Der amerikanische Präsident Donald Trump erklärte am Mittwoch, dass das diese Woche mit dem Iran erzielte Waffenstillstandsabkommen vorläufig bleibe und die Vereinigten Staaten die Militäroperationen wieder aufnehmen könnten, falls die Verhandlungen kein zufriedenstellendes Ergebnis brächten.
Bei seinem Auftritt auf dem G7-Gipfel in Evian-les-Bains betonte Trump, dass es sich bei der aktuellen Vereinbarung lediglich um eine Absichtserklärung handle, die den Weg für eingehendere Gespräche ebnen solle.

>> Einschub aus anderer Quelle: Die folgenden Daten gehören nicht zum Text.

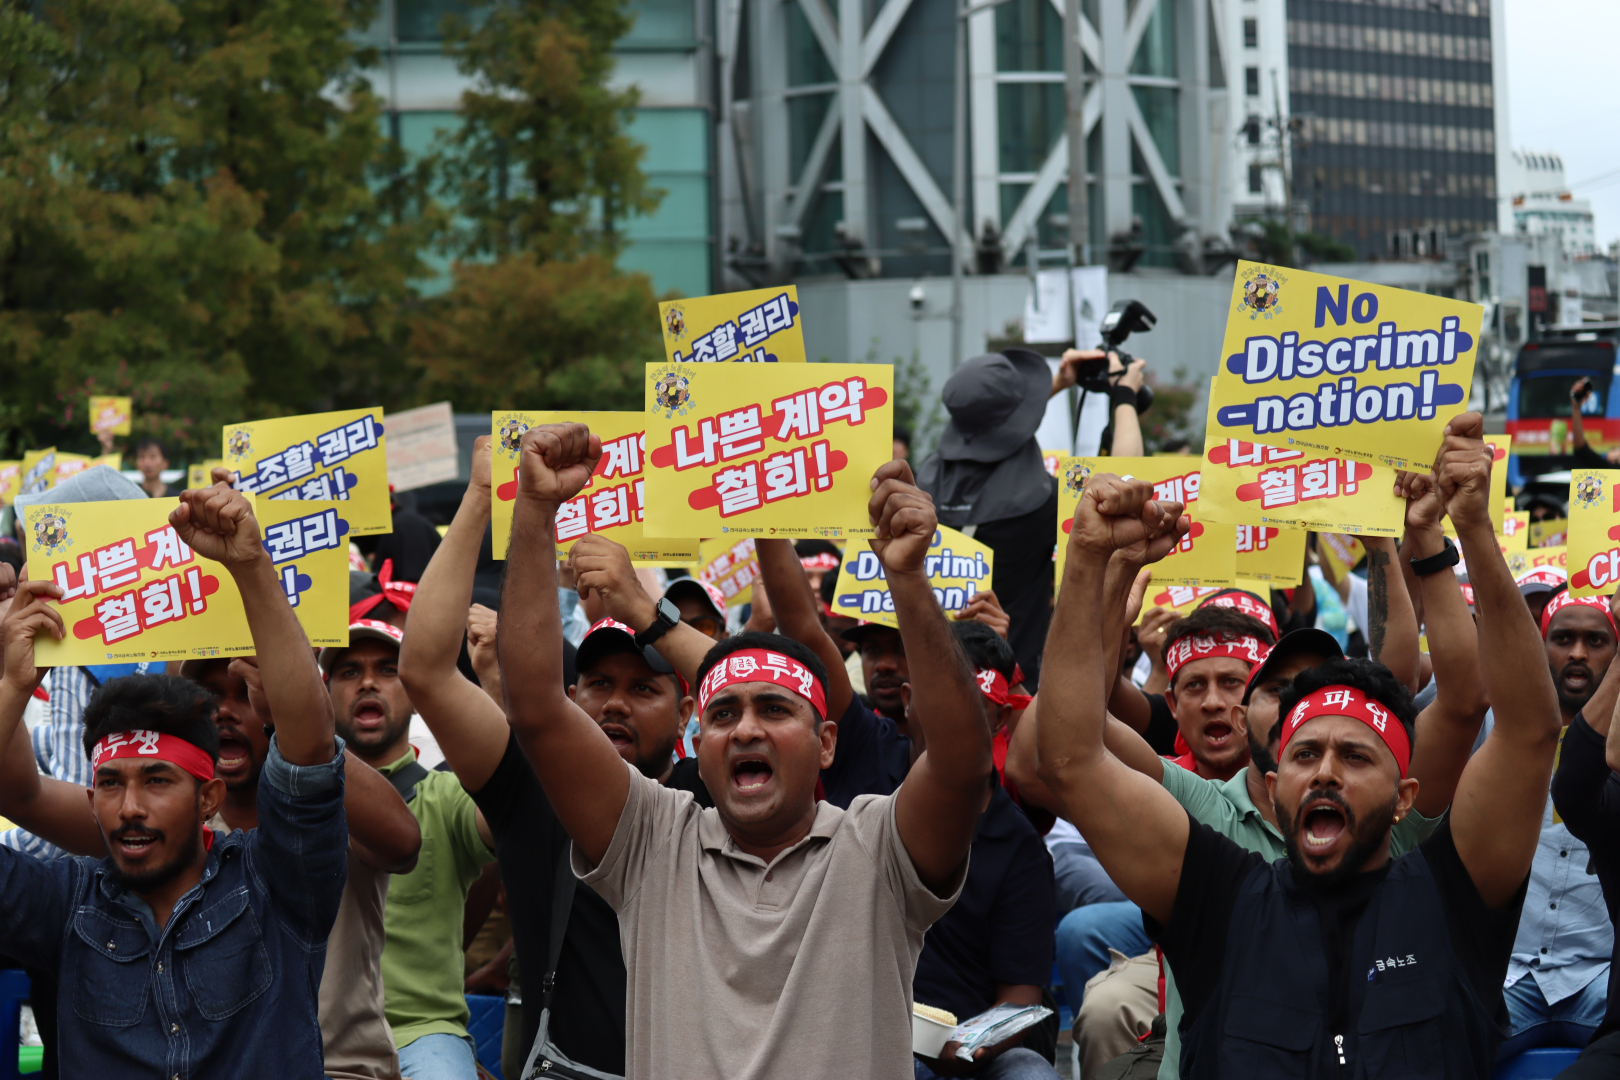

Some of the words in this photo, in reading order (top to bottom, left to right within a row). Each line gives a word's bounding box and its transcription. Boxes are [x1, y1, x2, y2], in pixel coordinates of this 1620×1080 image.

[739, 294, 793, 347] 권리
[1314, 283, 1379, 328] No
[1244, 318, 1458, 381] Discrimi
[673, 407, 764, 469] 나쁜
[774, 380, 865, 439] 계약
[1226, 372, 1438, 432] -nation!
[317, 415, 377, 467] 권리
[714, 442, 830, 516] 철회!
[1259, 459, 1357, 508] 철회!
[266, 510, 338, 563] 권리
[54, 540, 139, 602] 나쁜
[856, 549, 983, 580] Drimi
[96, 568, 206, 643] 철회!
[699, 657, 729, 709] 단결
[761, 652, 814, 699] 투쟁
[1166, 635, 1193, 673] 단결
[103, 729, 161, 758] 투쟁
[1375, 953, 1418, 972] 금속노조

„Es handelt sich um eine Absichtserklärung. Und wenn sie mir nicht passt, werden wir wieder anfangen, auf sie zu schießen und Bomben auf sie abzuwerfen“, sagte er Reportern.

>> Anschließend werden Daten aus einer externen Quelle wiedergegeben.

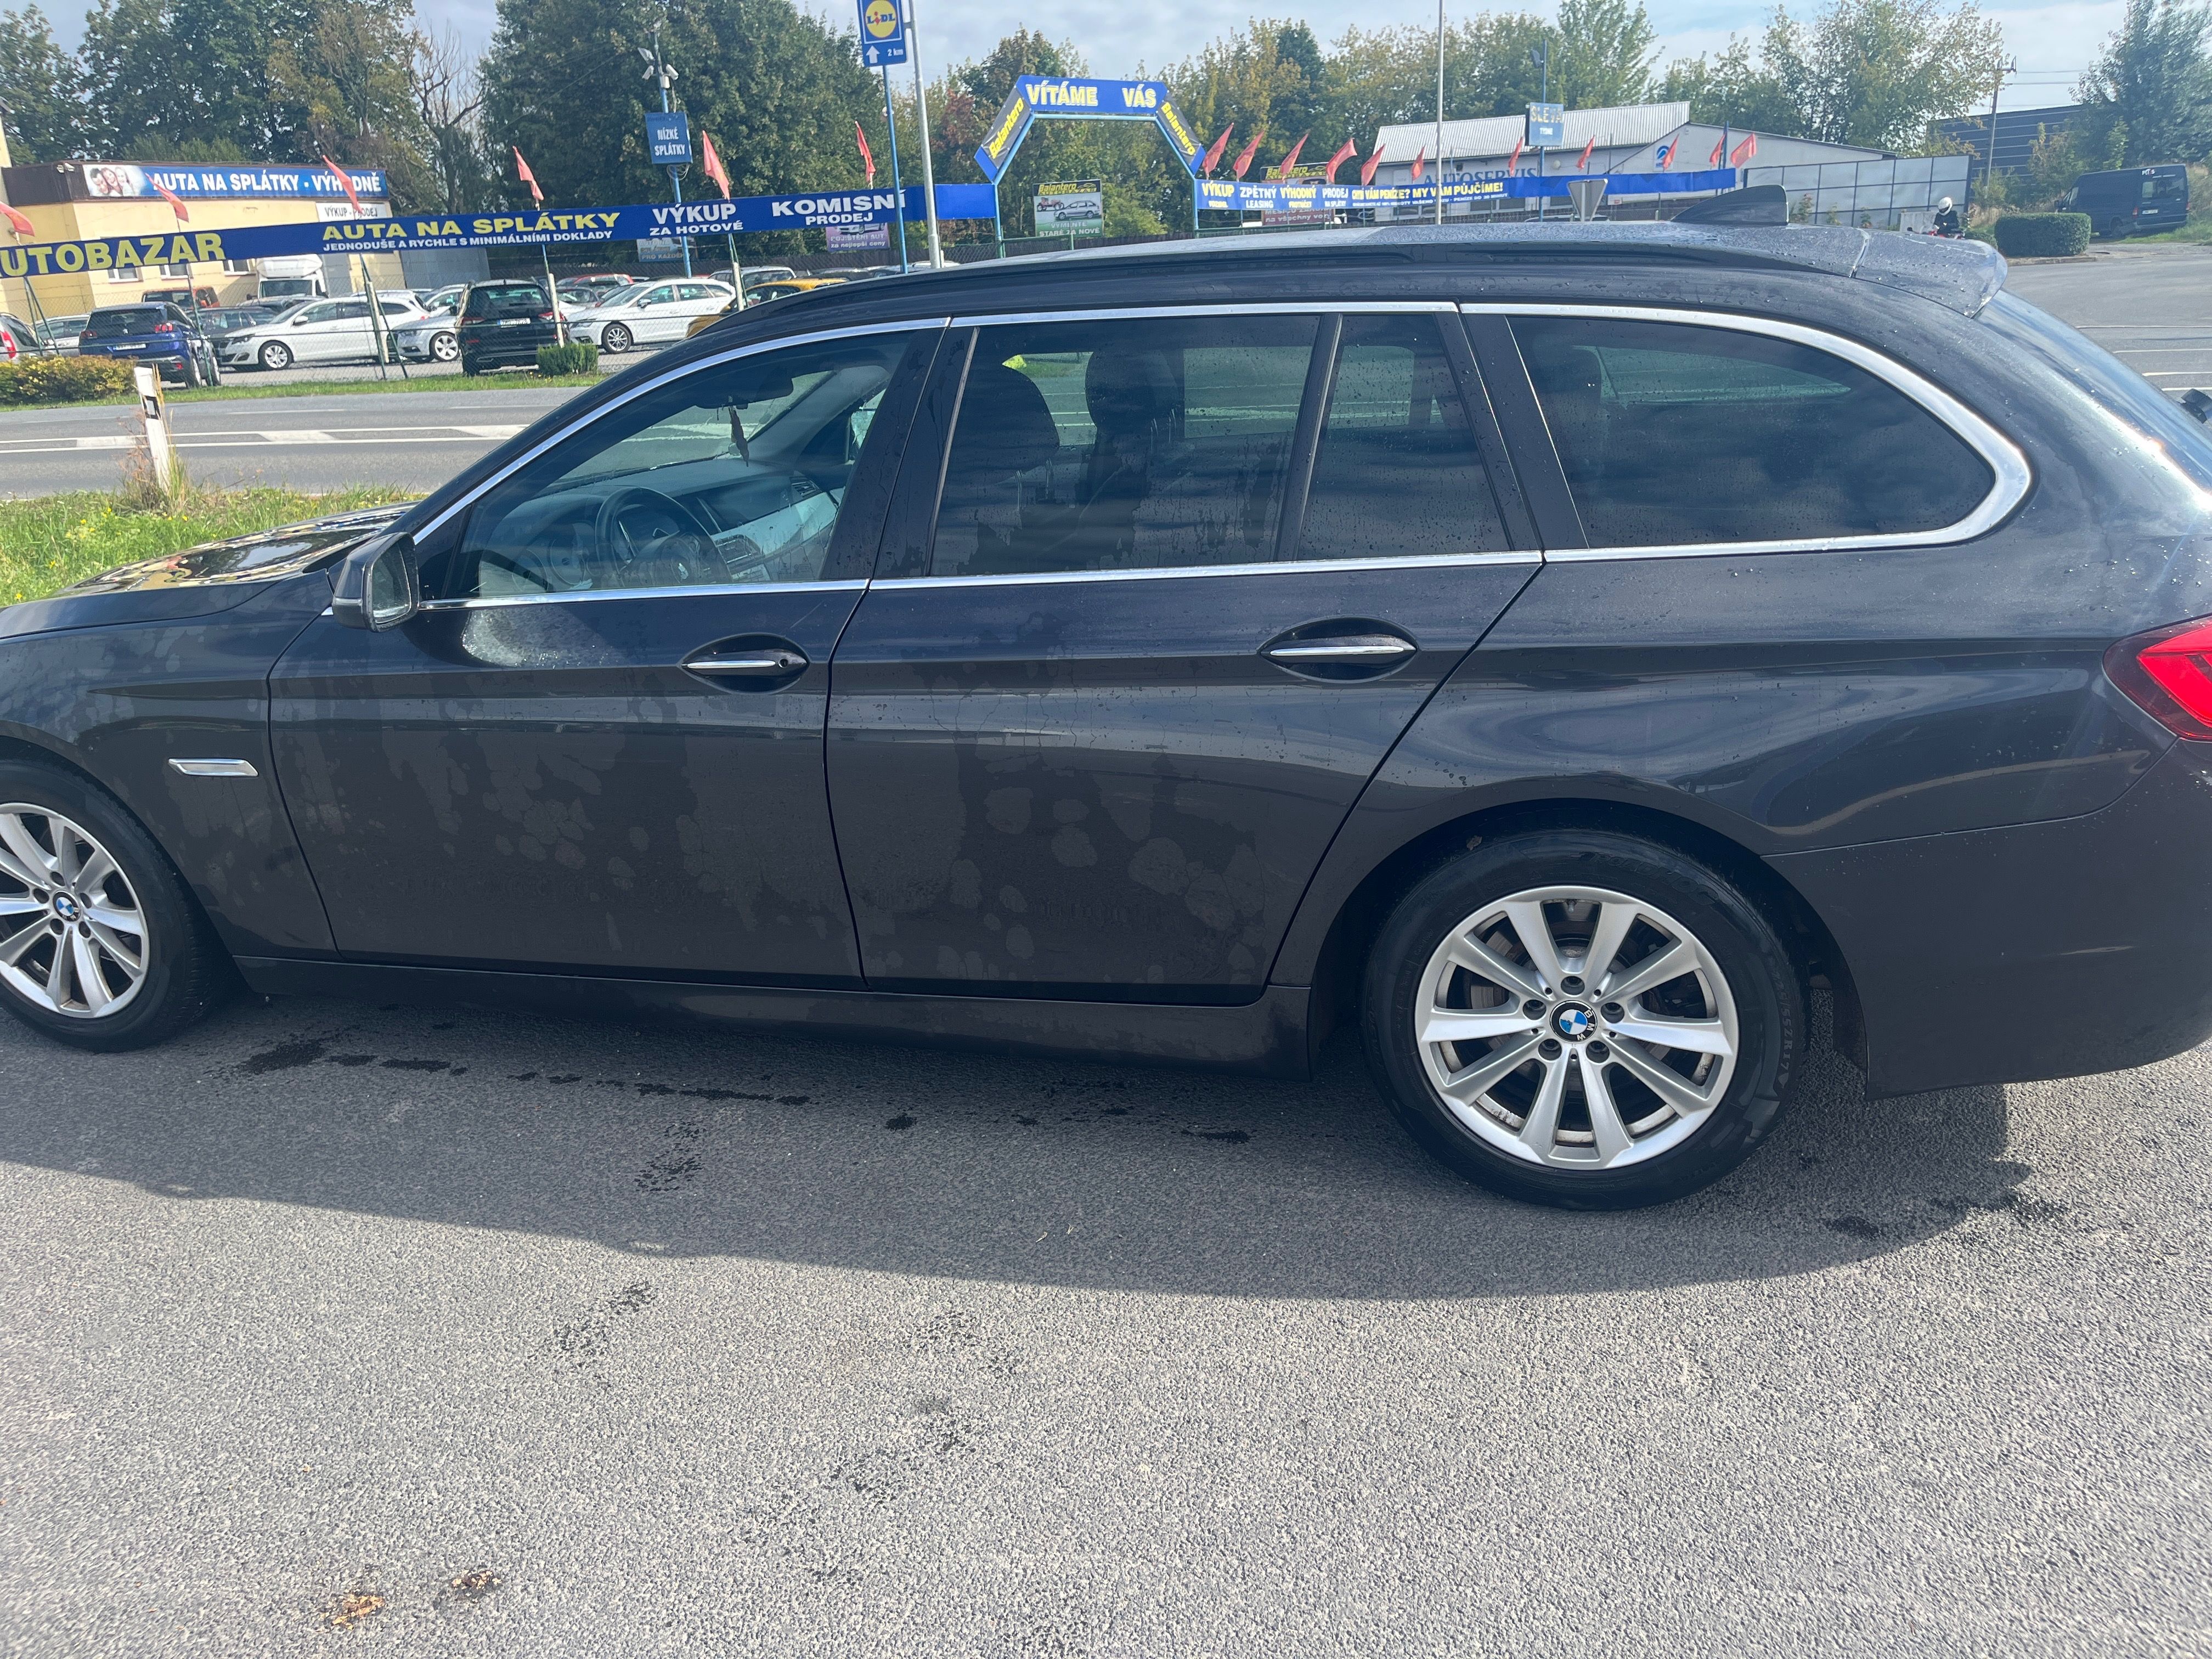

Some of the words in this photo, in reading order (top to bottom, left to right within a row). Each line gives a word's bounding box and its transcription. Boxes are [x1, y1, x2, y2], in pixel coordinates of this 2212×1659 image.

[1025, 80, 1098, 106] VÍTÁME
[1122, 84, 1157, 108] VÁS
[657, 126, 679, 140] NÍZKÉ
[989, 98, 1025, 159] Balantero
[1161, 101, 1197, 156] Balantero
[654, 142, 685, 156] SPLÁTKY
[154, 173, 199, 190] AUTA
[202, 174, 228, 190] NA
[231, 169, 299, 191] SPLÁTKY
[311, 171, 382, 192] VÝHDNĚ
[1266, 166, 1308, 178] Baltero
[1201, 180, 1235, 197] VÝKUP
[1240, 185, 1277, 199] ZPĚTNÝ
[1280, 185, 1317, 199] VÝHODNÝ
[1322, 188, 1348, 199] PRODEJ
[1365, 187, 1379, 200] VÁM
[1380, 187, 1410, 199] PENÍZE?
[1413, 188, 1429, 198] MY
[1454, 182, 1503, 195] PŮJČÍME!
[324, 205, 347, 217] VÝKUP
[652, 203, 736, 225] VÝKUP
[771, 189, 906, 217] KOMISNÍ
[1246, 200, 1274, 208] LEASING
[323, 223, 408, 241] AUTA
[416, 221, 462, 236] NA
[473, 212, 620, 234] SPLÁTKY
[650, 227, 672, 236] ZA
[676, 220, 743, 235] HOTOVÉ
[805, 212, 873, 226] PRODEJ
[323, 238, 396, 252] JEDNODUŠE
[398, 240, 408, 248] A
[409, 238, 454, 248] RYCHLE
[459, 238, 467, 246] S
[470, 231, 550, 246] MINIMÁLNÍMI
[554, 230, 612, 242] DOKLADY
[1079, 227, 1101, 235] NOVÉ
[0, 232, 226, 276] UTOBAZAR
[1576, 1009, 1595, 1040] BMW

Die zwischen Washington und Teheran erzielte Interimsvereinbarung sieht eine 60-tägige Verlängerung der im April vereinbarten Waffenruhe vor. Sie soll die Aufnahme von Verhandlungen ermöglichen, die auf eine dauerhafte Beilegung des Konflikts abzielen, der den Nahen Osten in den letzten Monaten erschüttert hat.
Die G7-Staats- und Regierungschefs begrüßten diesen diplomatischen Durchbruch und forderten gleichzeitig einen sofortigen Waffenstillstand im Libanon. In einer gemeinsamen Erklärung betonten sie zudem die Notwendigkeit, den Iran am Erwerb von Atomwaffen zu hindern und die regionalen Spannungen abzubauen.

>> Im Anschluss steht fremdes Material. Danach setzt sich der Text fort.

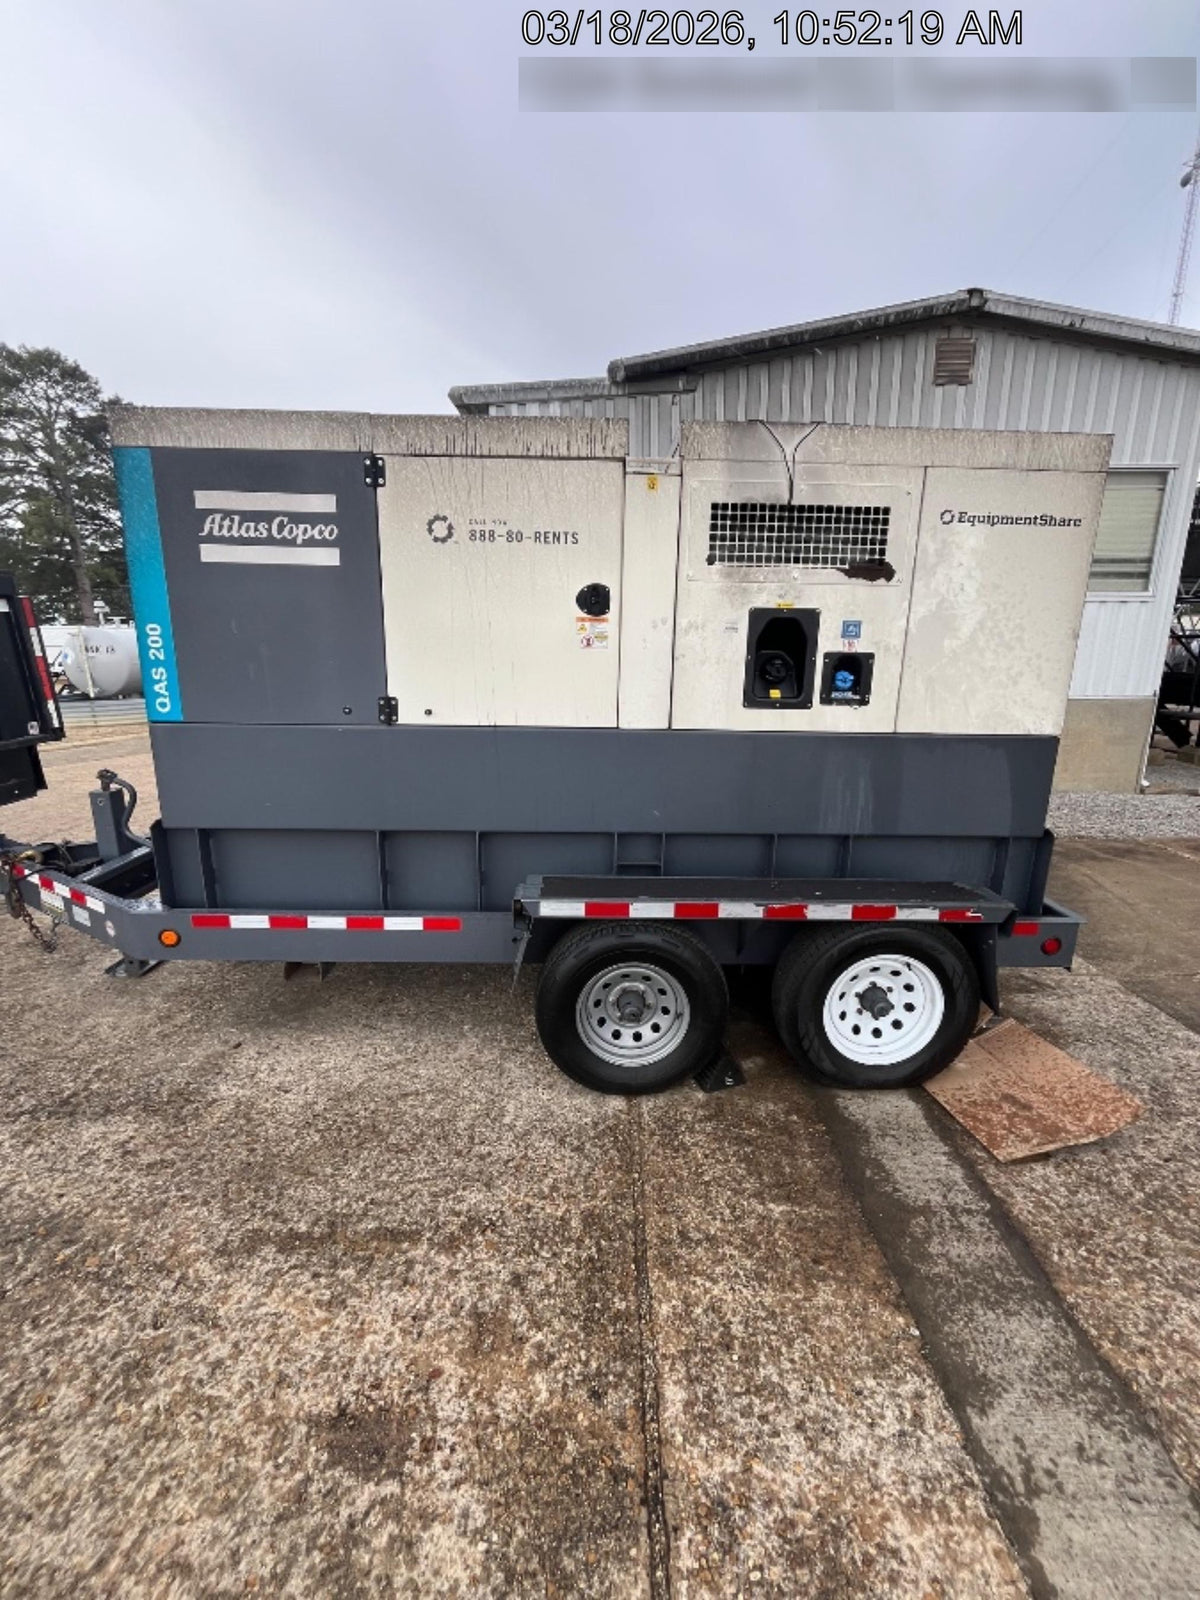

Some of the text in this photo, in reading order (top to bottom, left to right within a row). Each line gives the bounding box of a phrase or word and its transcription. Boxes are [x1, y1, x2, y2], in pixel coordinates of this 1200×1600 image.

[199, 513, 338, 545] Atlas Copco
[957, 511, 1082, 528] EquipmentShare
[468, 529, 579, 546] 888-80-RENTS
[145, 623, 171, 714] QAS 200

Bei ihrem Treffen in Frankreich erörterten die Staats- und Regierungschefs der wichtigsten westlichen Volkswirtschaften auch die globale Energiesicherheit. Sie betonten ihren Wunsch, die Lieferwege zu diversifizieren, um ihre Abhängigkeit von der Straße von Hormus, einer strategisch wichtigen Passage für den globalen Ölhandel, zu verringern.
Gemäß den Vereinbarungen könnte die Straße von Hormus bereits am Freitag wieder geöffnet werden, während die US-Blockade iranischer Häfen schrittweise aufgehoben würde. Diese Aussicht trug zu einem Rückgang der Ölpreise auf den internationalen Märkten bei, da Anleger mit einem Anstieg des globalen Angebots rechneten.
Das Memorandum soll am Freitag bei einer Zeremonie in der Schweiz, in der Nähe des Austragungsortes des G7-Gipfels, offiziell unterzeichnet werden.
Der Konflikt zwischen den Vereinigten Staaten, ihren Verbündeten und dem Iran hat nach Schätzungen, die auf dem Gipfeltreffen genannt wurden, zu mehr als 7.000 Todesopfern geführt, wobei die meisten Opfer im Iran und im Libanon zu beklagen sind.
Trotz des Optimismus, den einige westliche Staats- und Regierungschefs zum Ausdruck brachten, zeigen Trumps Äußerungen, dass die Zukunft des Abkommens maßgeblich vom Fortschritt künftiger Verhandlungen und der Einhaltung der von den verschiedenen Parteien eingegangenen Verpflichtungen abhängen wird.